Internationaal Kamermuziek Festival Utrecht is een vierdaags kamermuziekfestival. Het festival presenteert jaarlijks in december, onder artistieke leiding van violiste Janine Jansen, internationale concerten op verschillende locaties in de stad en provincie Utrecht. Kenmerkend aan het festival is dat een breed palet aan muziek wordt gepresenteerd, van het klassiekemuziekrepertoire tot aan nieuwe composities en presentaties van een nieuwe generatie musici.
De commissie is van oordeel dat de organisatie van het festival een heldere artistieke visie beschrijft. Het festival beoogt volgens het plan om het publiek te begeesteren met bijzondere kamermuziekbelevingen die toegankelijk zijn voor een breed publiek, zonder concessies te doen aan de kwaliteit van het aanbod. De commissie vindt dat streven passen bij dit festival, dat naar eigen zeggen een inspirerende schakel wil zijn tussen kamermuziek en publiek. Zij herkent de beschreven artistieke visie in de concreet uitgewerkte programmering. Volgens de commissie is er sprake van een goede balans tussen de toegankelijkere grote concerten en de kleinere, intieme uitvoeringen. Positief is zij ook over het rijke bestand van internationale topmusici waaruit kan worden geput. Zo vindt zij het bijzonder dat in 2021 zowel fluitist Emmanuel Pahud van Berliner Philharmoniker als mandoline-solist Avi Avital te zien zullen zijn.
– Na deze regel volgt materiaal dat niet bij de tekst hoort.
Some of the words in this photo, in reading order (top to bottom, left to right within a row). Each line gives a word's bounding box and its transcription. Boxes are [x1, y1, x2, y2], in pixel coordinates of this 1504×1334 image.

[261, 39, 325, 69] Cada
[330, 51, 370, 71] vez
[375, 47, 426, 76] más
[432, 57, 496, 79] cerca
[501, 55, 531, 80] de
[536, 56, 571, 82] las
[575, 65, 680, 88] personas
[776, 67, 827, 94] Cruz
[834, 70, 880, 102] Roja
De commissie vindt uit de ambities voor de komende periode duidelijk blijken dat het festival een nieuw elan nastreeft, maar plaatst tegelijkertijd een kanttekening bij de uitwerking ervan. Zij beoordeelt de samenwerkingen met gastprogrammeurs als een positieve ontwikkeling. De beoogde curator voor editie 2021, violist Amihai Grosz, neemt volgens de commissie niet alleen ruime internationale ervaring mee, maar er wordt door zijn deelname ook een groot en divers netwerk van musici ontsloten voor de samenstelling van het programma. Zij verwacht dat er op die manier ieder jaar weer nieuwe verhalen en dynamieken zullen ontstaan. Zij is echter kritisch over de verhouding van het gastcuratorschap ten opzichte van de artistieke leiding, die in handen is van Janine Jansen. De commissie ziet een risico in het feit dat de programmering voor een groot deel uit handen wordt gegeven, en is van mening dat de aanvrager in het plan nog te weinig heeft uitgelegd hoe dit risico wordt ondervangen.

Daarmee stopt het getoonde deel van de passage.